Hedges does a surprising amount of the heavy lifting to do in Let Them All Talk. Once we board the ship (which is 90-percent of the film), he is a go-between for Alice with her friends, her agent, and pretty much every other connection the famed author has and makes in the Queen Mary 2.
When casting folks were brainstorming who to play Tyler, they had to find someone who could brilliantly share scenes with Streep, but also Bergen and Wiest. Hedges’ embodiment of the young man is a sensational portrait and illustrates his vast talent. What else it spotlights is the script by Deborah Eisenberg.
The screenwriter has crafted multi-dimensional characters that these esteemed thespians must have thanked the movie Gods for the rich nuances that fill out each one of these souls. Eisenberg also has developed a landscape where the written word is celebrated and managed to give as much attention to the lingerie saleswoman as the Pulitzer Prize-winning author. Then, there’s that truly believable five-decade friendship and everything that accompanies that. No easy task. We buy it… for every single situational element that she has crafted.

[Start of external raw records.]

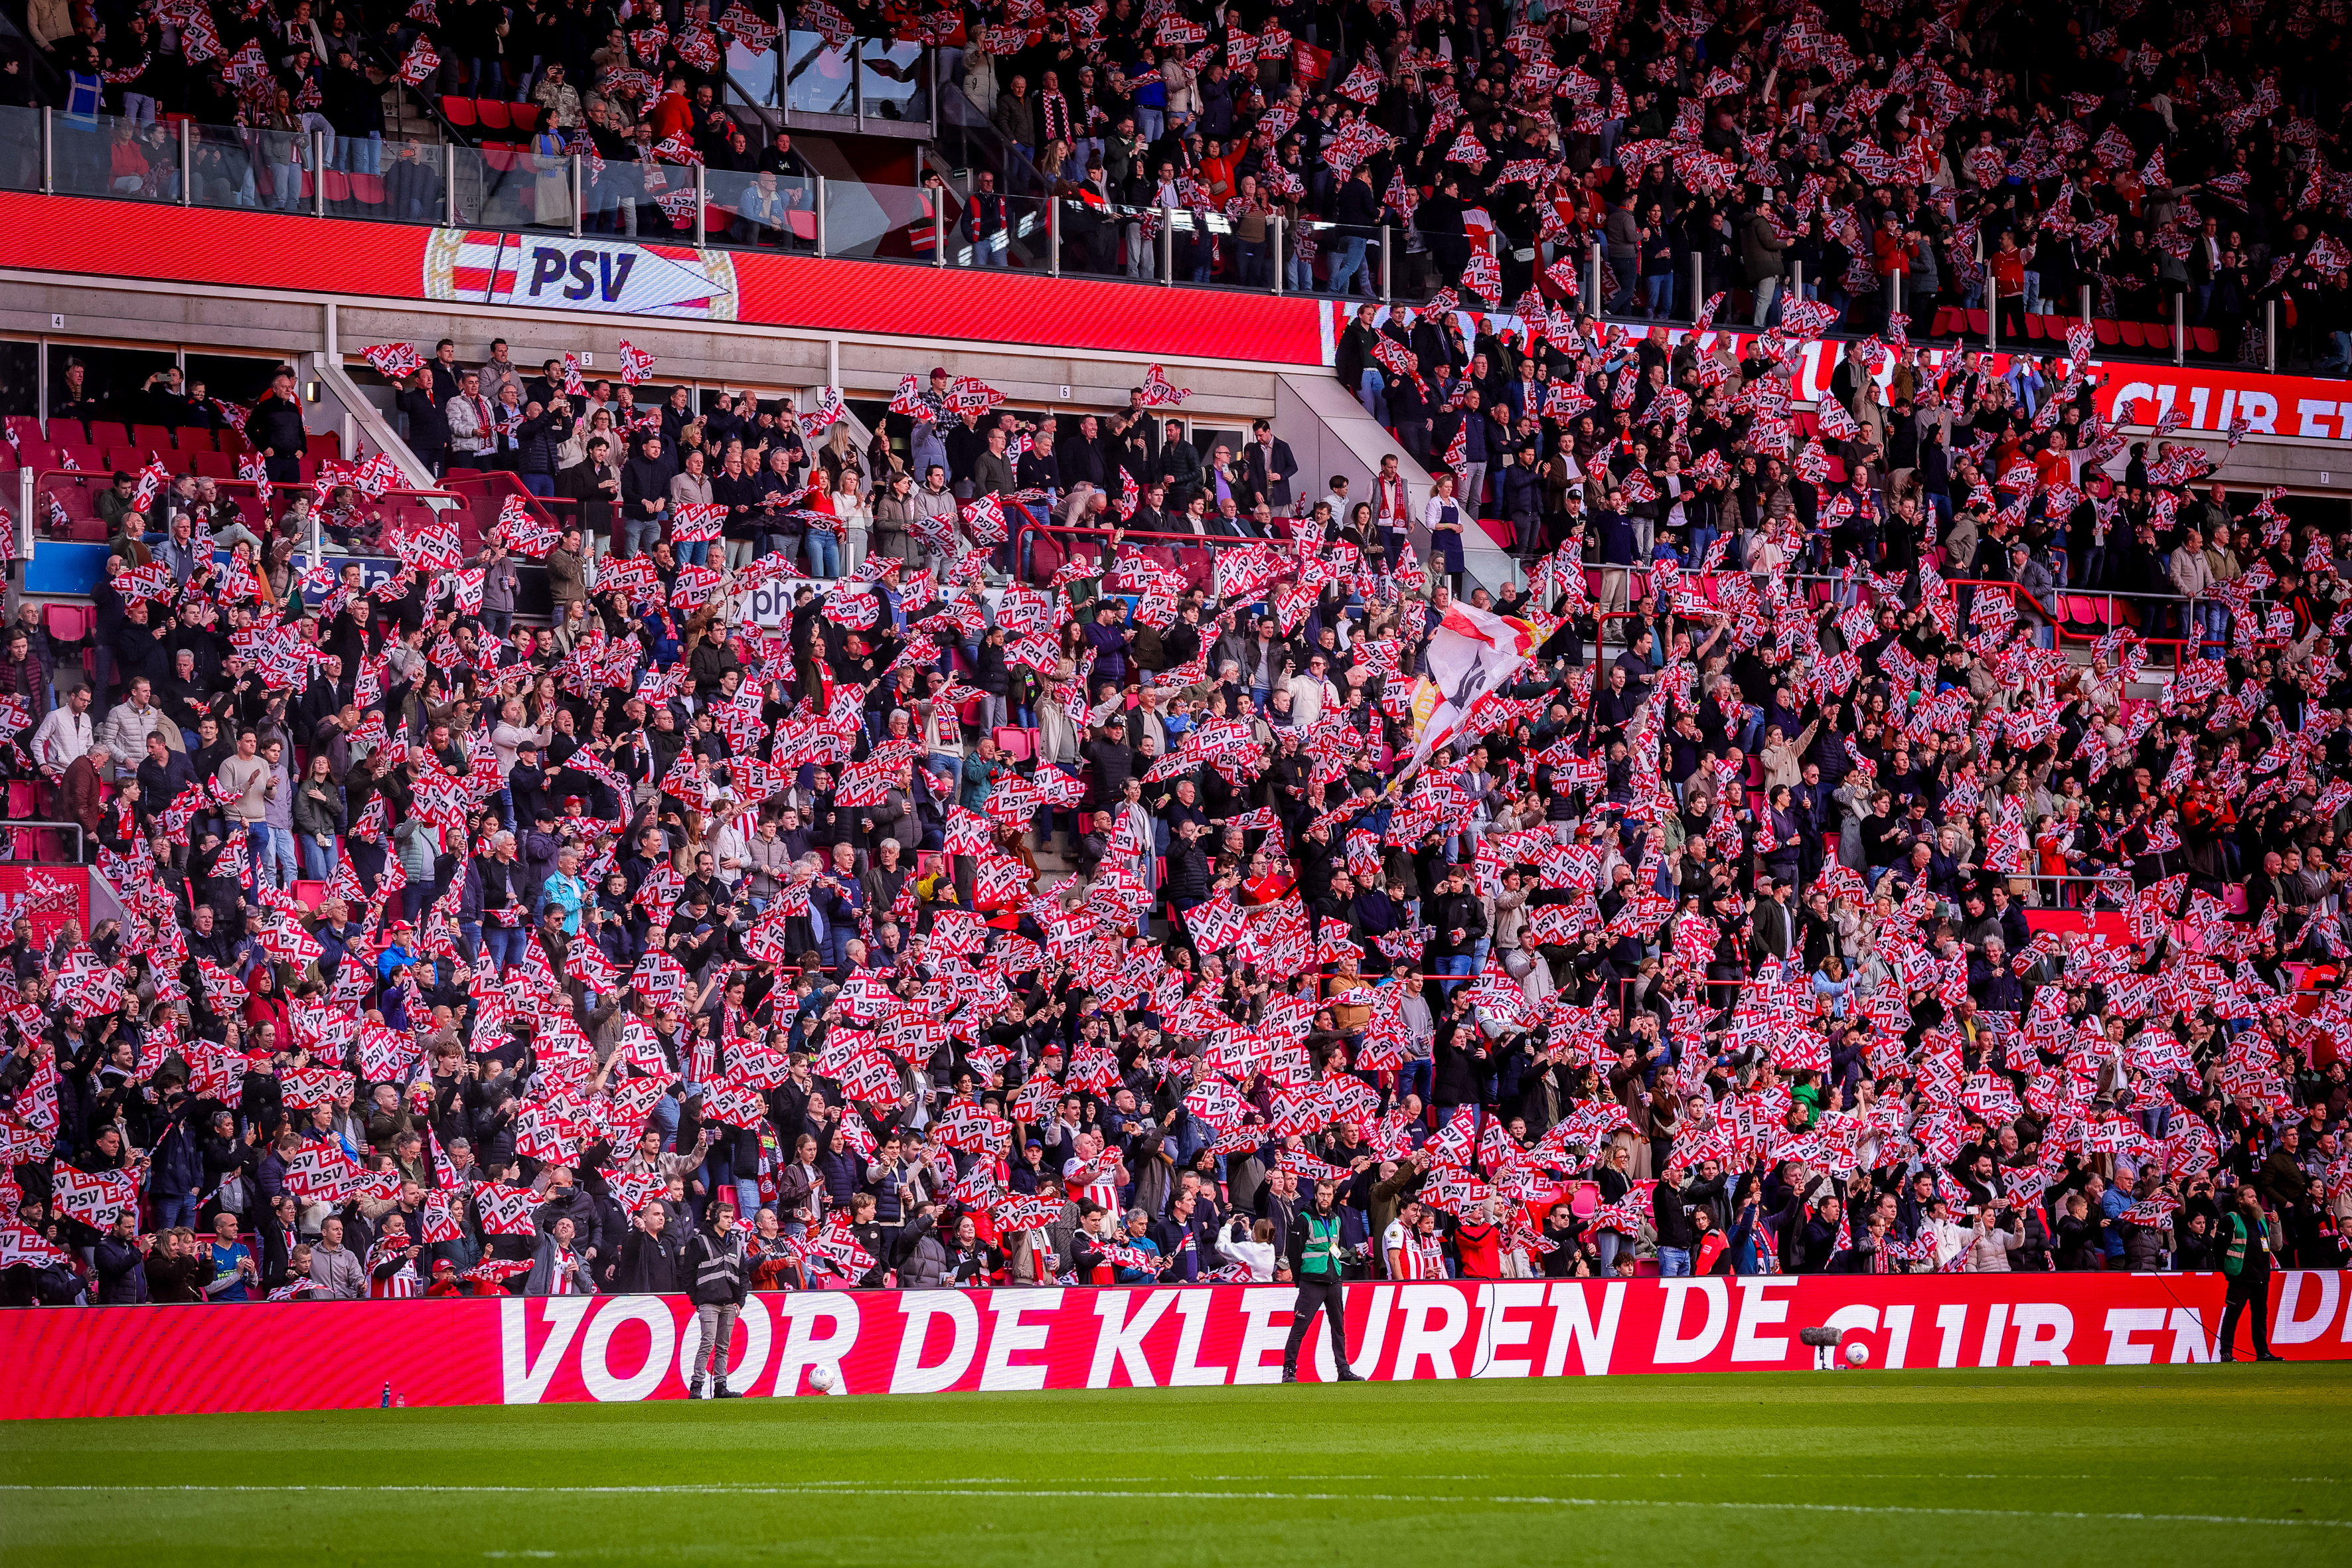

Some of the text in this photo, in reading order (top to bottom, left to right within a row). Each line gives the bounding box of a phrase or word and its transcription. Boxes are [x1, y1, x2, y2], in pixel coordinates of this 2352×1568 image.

[818, 16, 837, 27] PSV
[737, 23, 759, 34] PSV
[1521, 39, 1541, 48] PSV
[1800, 34, 1820, 46] PSV
[1714, 77, 1734, 89] PSV
[1458, 146, 1474, 157] PSV
[2102, 144, 2124, 154] PSV
[529, 246, 637, 301] PSV
[55, 316, 60, 325] 4
[1790, 309, 1806, 320] PSV
[585, 354, 589, 363] 5
[1697, 360, 1719, 374] PSV
[1063, 387, 1067, 396] 6
[960, 394, 984, 406] PSV
[1759, 396, 1781, 406] PSV
[1828, 412, 1847, 424] PSV
[2009, 471, 2029, 481] PSV
[686, 518, 706, 533] PSV
[975, 515, 996, 531] PSV
[613, 573, 637, 584] PSV
[1145, 597, 1164, 609] PSV
[1982, 599, 2003, 613] PSV
[838, 605, 858, 615] PSV
[1015, 605, 1037, 618] PSV
[736, 696, 759, 707] PSV
[834, 702, 850, 720] PSV
[813, 736, 834, 751] PSV
[1202, 730, 1225, 744] PSV
[785, 738, 803, 752] PSV
[882, 749, 903, 761] PSV
[852, 774, 878, 794] PSV
[1002, 795, 1028, 808] PSV
[1430, 789, 1449, 801] PSV
[993, 868, 1015, 886] PSV
[1206, 910, 1223, 933] PSV
[1536, 914, 1556, 929] PSV
[1125, 959, 1146, 979] PSV
[653, 973, 674, 986] PSV
[1097, 986, 1113, 999] PSV
[2120, 988, 2146, 1009] PSV
[1875, 1000, 1899, 1011] PSV
[1271, 1011, 1292, 1027] PSV
[897, 1028, 922, 1040] PSV
[2037, 1024, 2059, 1034] PSV
[1223, 1042, 1246, 1058] PSV
[1372, 1038, 1394, 1056] PSV
[2153, 1049, 2172, 1058] PSV
[364, 1046, 384, 1067] PSV
[1275, 1052, 1298, 1065] PSV
[862, 1065, 888, 1087] PSV
[2240, 1071, 2265, 1082] PSV
[303, 1077, 331, 1099] PSV
[636, 1085, 663, 1108] PSV
[1335, 1089, 1360, 1107] PSV
[1982, 1094, 2009, 1105] PSV
[1210, 1101, 1235, 1111] PSV
[1294, 1101, 1314, 1123] PSV
[960, 1121, 988, 1134] PSV
[2116, 1137, 2140, 1150] PSV
[311, 1165, 344, 1186] PSV
[1296, 1166, 1328, 1178] PSV
[2020, 1174, 2041, 1193] PSV
[1443, 1185, 1466, 1196] PSV
[67, 1190, 98, 1206] PSV
[501, 1194, 525, 1219] PSV
[1012, 1201, 1038, 1217] PSV
[500, 1289, 860, 1404] VOOR
[890, 1287, 1063, 1393] DE
[1086, 1281, 1625, 1389] KLEUREN
[1652, 1275, 1798, 1364] DE

The three leads are sensational—which is shocking, I know. They all stand-out, but there is something about what Bergen brings to the table that was shockingly surprising. She’s a Texan, through and through, but yet there’s something about her that draws Alice to her after all these years. Theirs is a relationship that is the most complex, needs the most work, and as Eisenberg has written it, truly vexing. That is largely due to Roberta’s mysterious agenda and how the Murphy Brown star brings her to life.

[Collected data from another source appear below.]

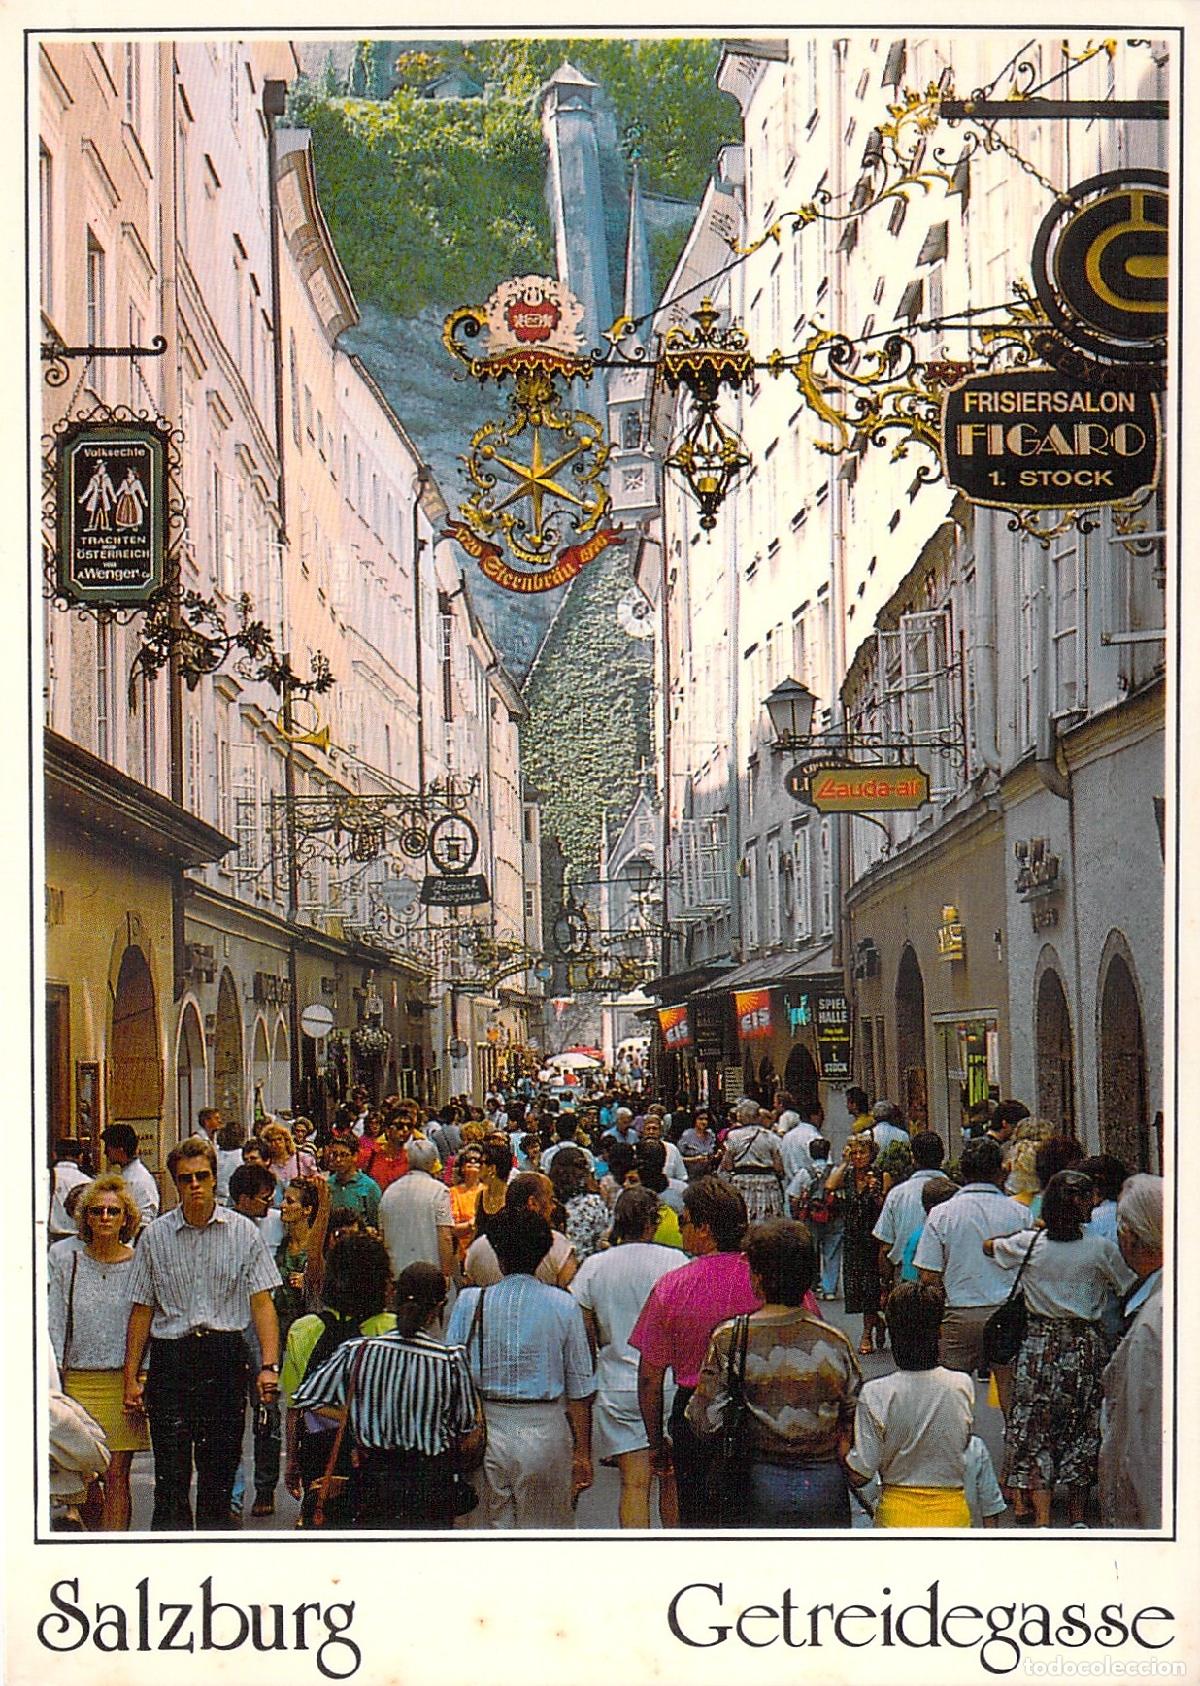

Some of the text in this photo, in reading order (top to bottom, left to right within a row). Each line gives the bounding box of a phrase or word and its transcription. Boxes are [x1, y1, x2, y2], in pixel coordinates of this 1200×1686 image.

[964, 391, 1135, 413] FRISIERSALON
[956, 423, 1146, 457] FIGARO
[987, 470, 1113, 486] 1. STOCK
[80, 535, 147, 545] TRACHTEN
[76, 547, 150, 560] ÖSTERREICH
[483, 555, 577, 591] Sternbräu
[819, 998, 847, 1010] SPIEL

Wiest does subtle better than anyone and she’s asked to do that here in a manner that is totally fresh. She too is an anchor, like Tyler, but her effort to enjoy herself while her friends fan the flames of what separates them is as compelling to watch as Streep crafts one of her more complicated characters.
There is a lot of discussion about Alice and her success, especially between Roberta and Susan. They even wonder if she always talked “like that.” Streep does in fact deliver her prose in a manner that is wickedly unique. There’s a high-brow element to it that is palpable. She had to receive the script for Let Them All Talk and been ever-so eager to dive into Alice. She is among the more complicated people she’s tackled in years. Does it surprise that Streep’s sensational? Hardly. What is surprising is how one can tell how much thought and preparation went into the characterization long before a single scene was shot.

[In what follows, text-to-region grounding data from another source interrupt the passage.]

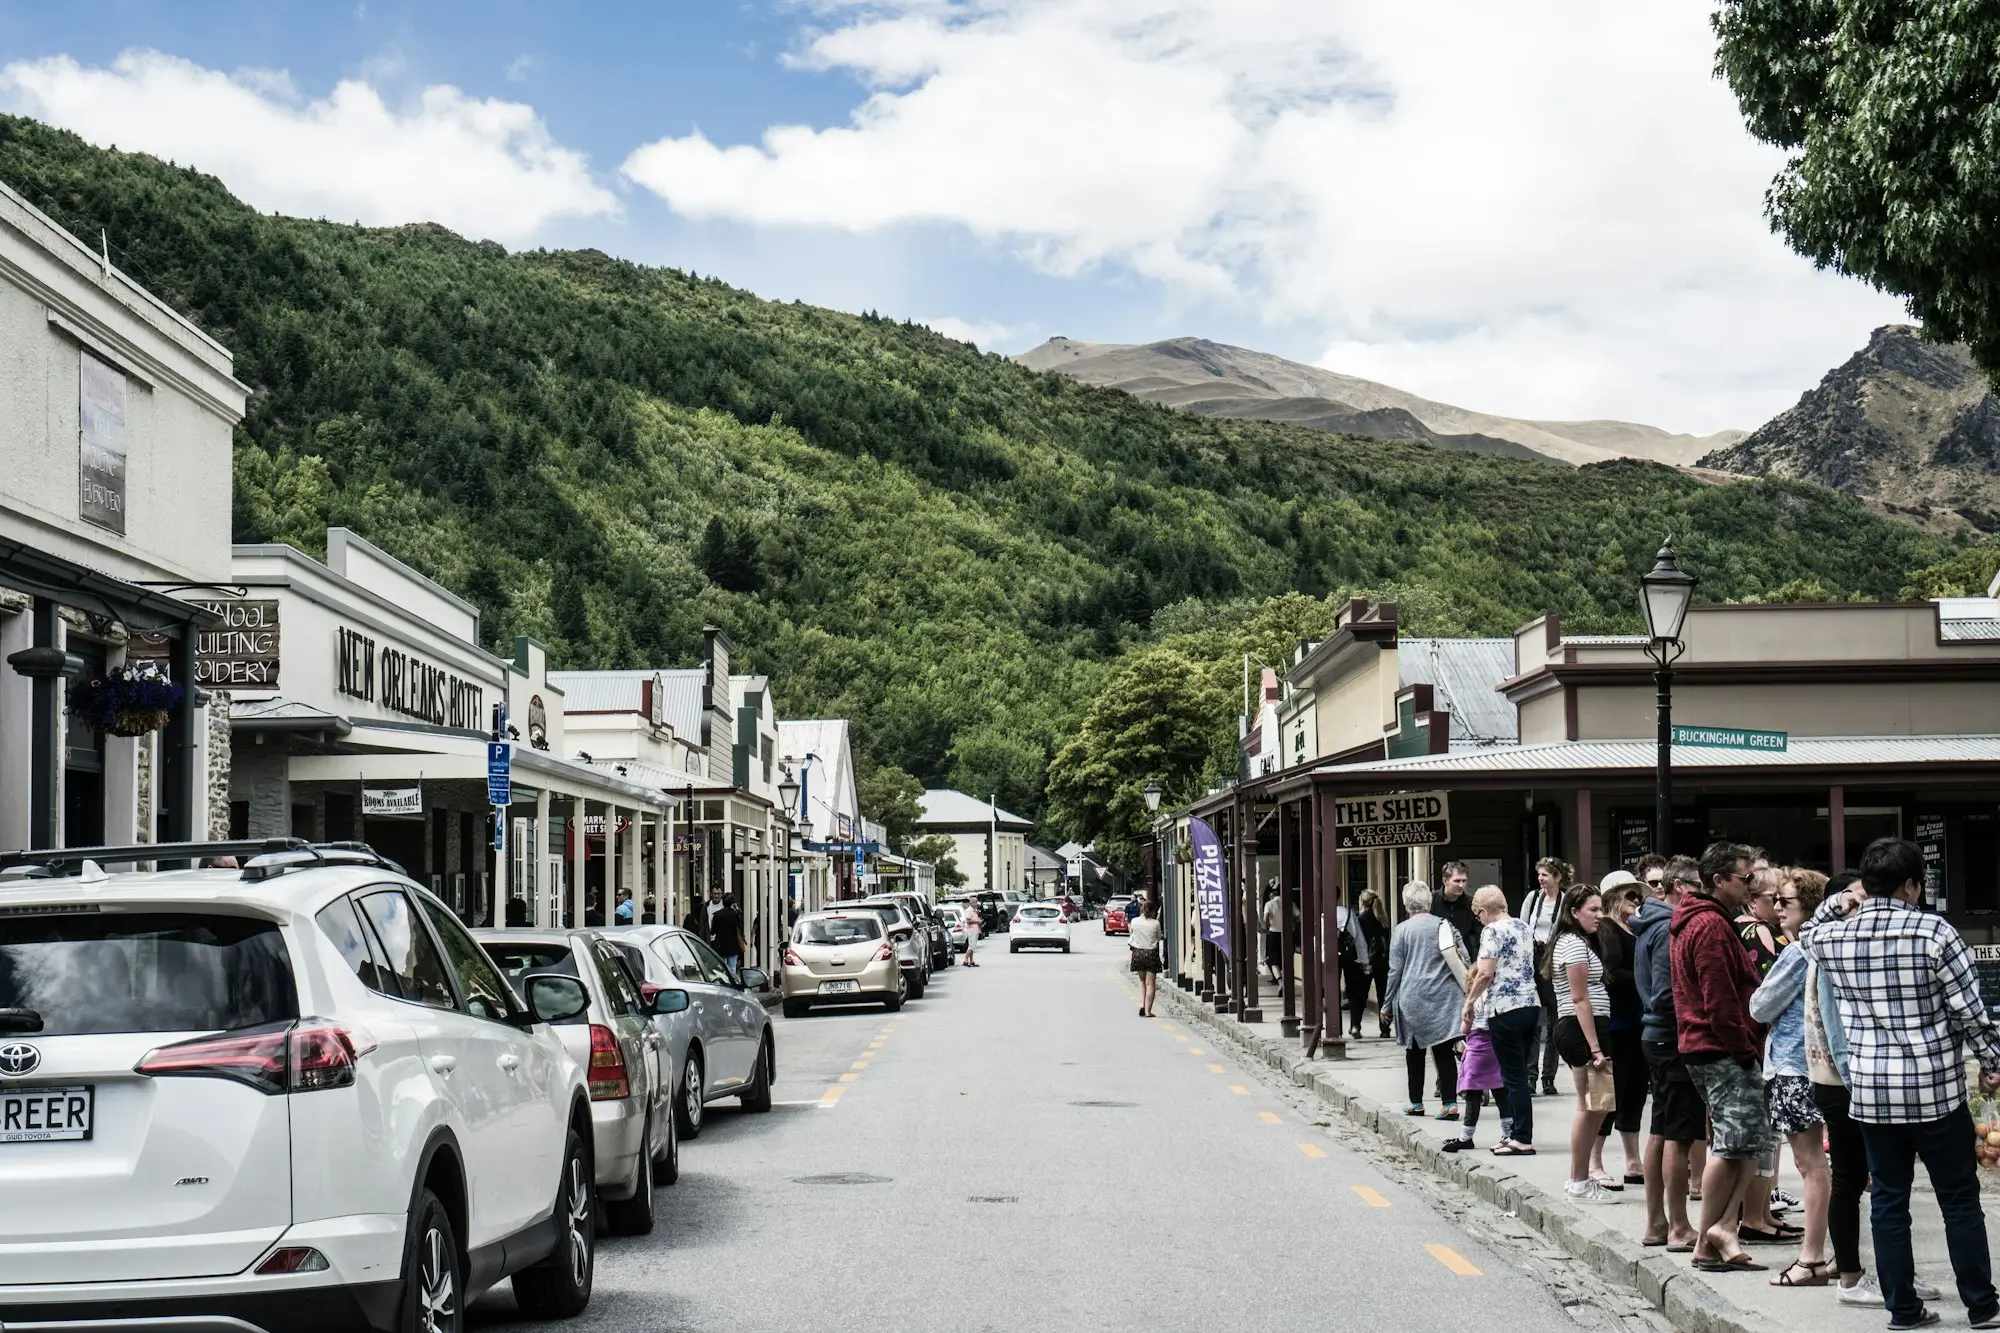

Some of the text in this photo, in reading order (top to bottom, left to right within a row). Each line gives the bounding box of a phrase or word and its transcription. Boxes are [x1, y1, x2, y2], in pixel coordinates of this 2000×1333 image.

[206, 602, 273, 628] WOOL
[195, 631, 273, 656] UILTING
[339, 626, 375, 703] NEW
[381, 646, 446, 726] ORLEANS
[1679, 730, 1784, 748] BUCKINGHAM GREEN
[495, 744, 504, 760] P
[363, 795, 385, 807] ROOMS
[387, 793, 419, 807] AVAILABLE
[1335, 796, 1442, 825] THE SHED
[1353, 822, 1426, 837] ICE CREAM
[1342, 831, 1438, 848] & TAKEAWAYS
[1923, 844, 1938, 854] Milk
[1195, 857, 1210, 920] OPEN
[1201, 844, 1225, 939] PIZZERIA
[1973, 947, 1993, 959] THE
[0, 1096, 86, 1131] REER
[6, 1132, 52, 1141] GWD TOYOTA
[173, 1175, 211, 1187] AWD

This is a fascinating project for Soderbergh to undertake. Given the cast alone, one can see why he leaped at the opportunity. The thing is it may be the most un-Soderbergh cinematic effort on his vitae. The helmer, wisely, let his talents do their thing—all while he framed his story with a visual cornucopia that gives off a profound feeling. There’s a textured tone throughout that could not have been easy to achieve with only a cruise-liner as your locale.
He and his DP had to have worked through the script, finding moments to provide visual cues that mirror the emotive pull of any particular scene. Now, I kid because I know that the filmmaker was his own director of photography (cinematographer) as well as his own editor. As such he controls the tone, even more than is standard for a filmmaker. But it is par for the course for this filmmaker. He adores the art of moviemaking so much that his desire to play all these roles on his films doesn’t come from a place of ego or power. Soderbergh does it all because all of it brings him joy.